Les "Somnicaments" (les médicaments naturels du sommeil) sont au nombre de six :
la sieste, la lumière, la chaleur, l’alimentation, les rapport sociaux et le plaisir.

On peut se les procurer au travers de la pratique du sport, des passions de toutes sortes, du rire et de l’amour.
Les combinaisons de somnicaments, permettent de potentialiser leurs effets pour améliorer l’efficacité du sommeil.
"dormez mieux dormez peu, vivez mieux"
Il est frappant de constater que tous les "somnifères" provoquent exactement le contraire ... ils allègent le sommeil et donc, au début, le rallongent artificiellement : Celui qui veut dormir pense y trouver son compte dès lors qu’il pense qu’il lui "faut dormir à tout prix".
Pourtant, quel que soit le "produit miracle" (phytothérapie, gogothérapie ou autres dilution illusoires ...) , ce schéma de pensée est "somnotoxique" et conduit inexorablement au cercle vicieux cognitif et comportemental de l’insomnie.
À l’inverse, les somnicaments naturels qui permettent d’agir efficacement sur les horloges biologiques conduisent à rester performant.
Selon nous, dans le monde de demain, il est indispensable de savoir quand et comment les utiliser.
Nos "horloges internes" sont mise à l’heure quotidiennement par des "donneurs de temps" qui sont les éléments extérieurs susceptibles de modifier la période (le mouvement) de chacun des deux balanciers, dont l’équilibre conditionne la qualité du sommeil.
Voir l’article "Chronobiologie du sommeil" : l’horloge cicadienne et le sablier homéostatique.
Leurs combinaisons, comme dans le sport en plein air, les sorties en famille, le voyage de noce (sic) ou l’investissement dans des associations militantes, par exemple, offrent de nombreuses possibilités de potentialiser leurs effets.
Il est important de comprendre que les somnicaments agissent sur l’horloge circadienne en exerçant un effet qui dépend du moment où il interviennent. c’est comme pour lancer une balançoire.
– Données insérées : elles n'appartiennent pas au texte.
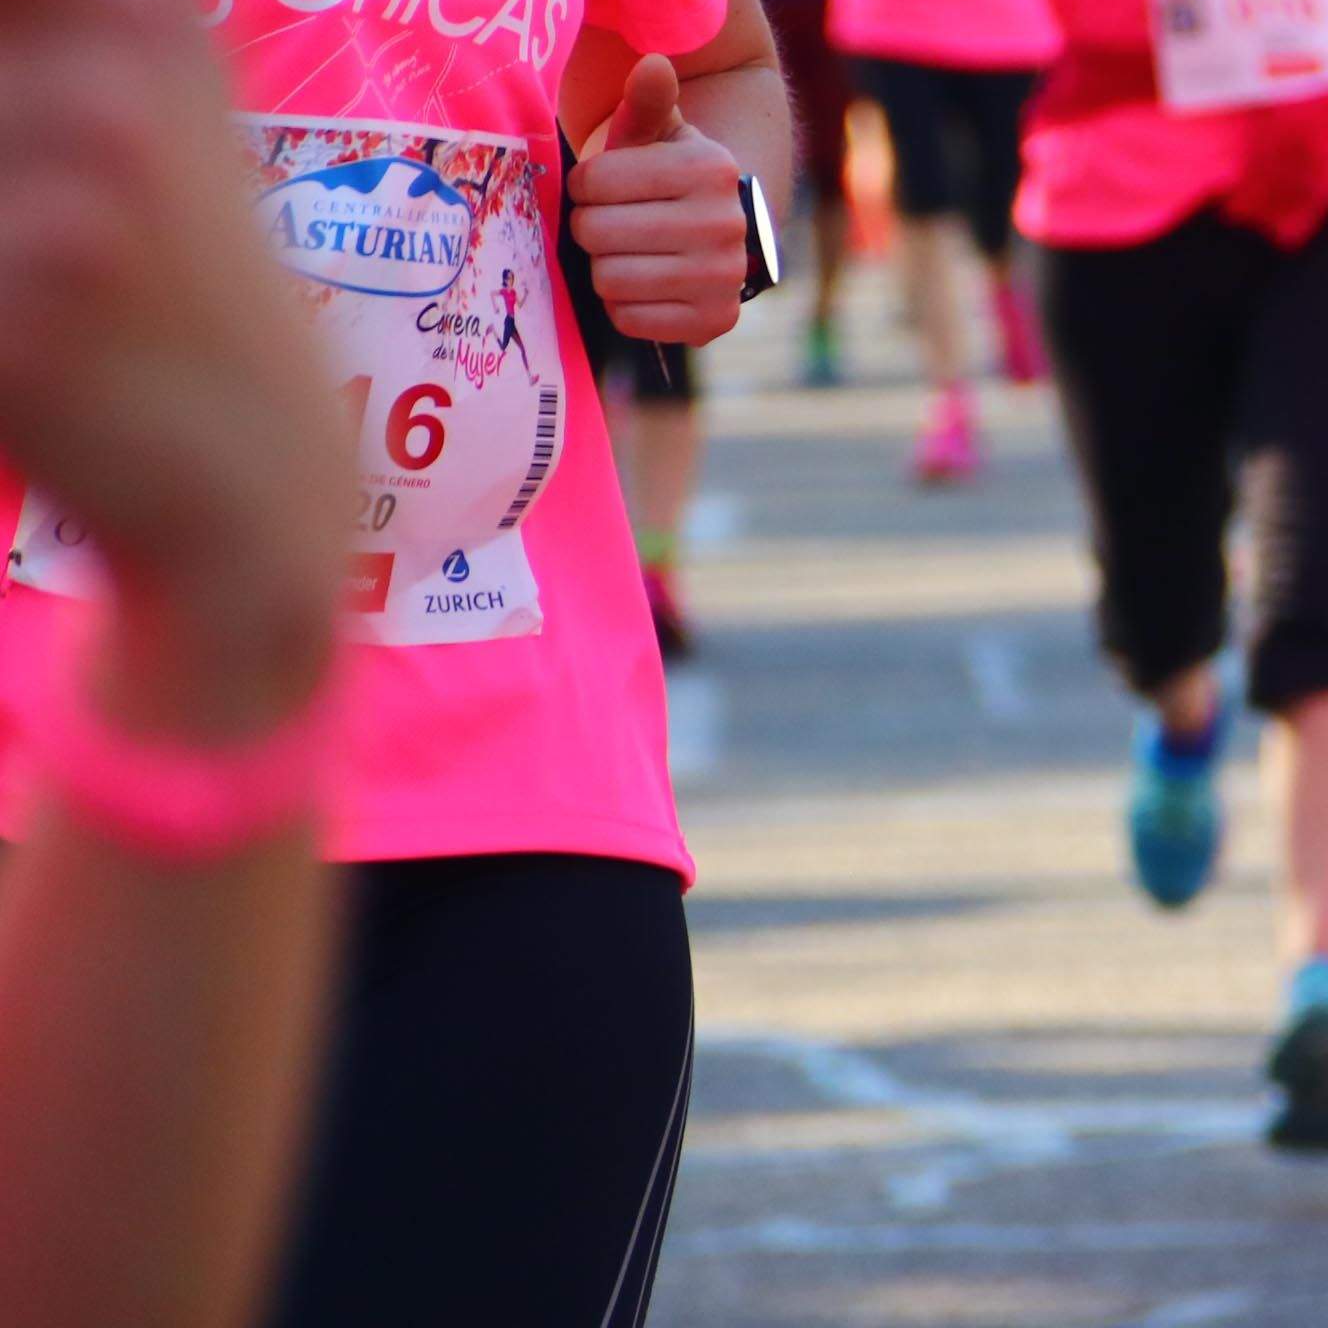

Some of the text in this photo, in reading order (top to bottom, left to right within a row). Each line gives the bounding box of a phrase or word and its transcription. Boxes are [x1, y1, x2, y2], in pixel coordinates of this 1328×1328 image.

[264, 199, 463, 267] ASTURIANA
[454, 337, 507, 390] Mujer
[424, 590, 505, 615] ZURICH
Selon à quel moment on pousse, cela peut accélérer le mouvement ou au contraire le ralentir. C’est ce qu’on appelle "l’effet de réponse en phase."

Plus on se rapproche du point médian du sommeil (autour de 04H) et plus l’effet est puissant. Cette propriété est mise à profit dans la gestion des décalages horaires (Cf. "Jetlag").
C’est le plus puissant des somnicament. Il s’oppose à la somnolence diurne en diminuant la pression de sommeil qu’exerce le sablier homéostasiquequi enregistre (en quelque sorte) le temps de sommeil.
On dit que 20 minutes de sieste peuvent compenser une nuit blanche.
La sieste est, en effet, très efficace pour diminuer la pression de sommeil. C’est donc logiquement une contre-indication à l’insomnie mais un outil précieux contre la somnolence diurne excessive.
Ni trop longue, ni trop tardive (il faut respecter le mode d’emploi), elle a l’avantage de respecter l’horloge interne.
Il faut la préférer à la grasse matinée qui retarde cette horloge et favorise d’avantage les difficulté à l’endormissement.
La sieste (Voir le "mode d’emploi") est "une arme puissante mais à double tranchant et à manier avec précautions.
Voir la "Notice grand public" : Tout ce qu’on devrait apprendre dès l’école ...
Voir la "Fiche RCP", le résumé destiné aux professionnels .
"Demandez conseil à votre médecin ou votre pharmacien".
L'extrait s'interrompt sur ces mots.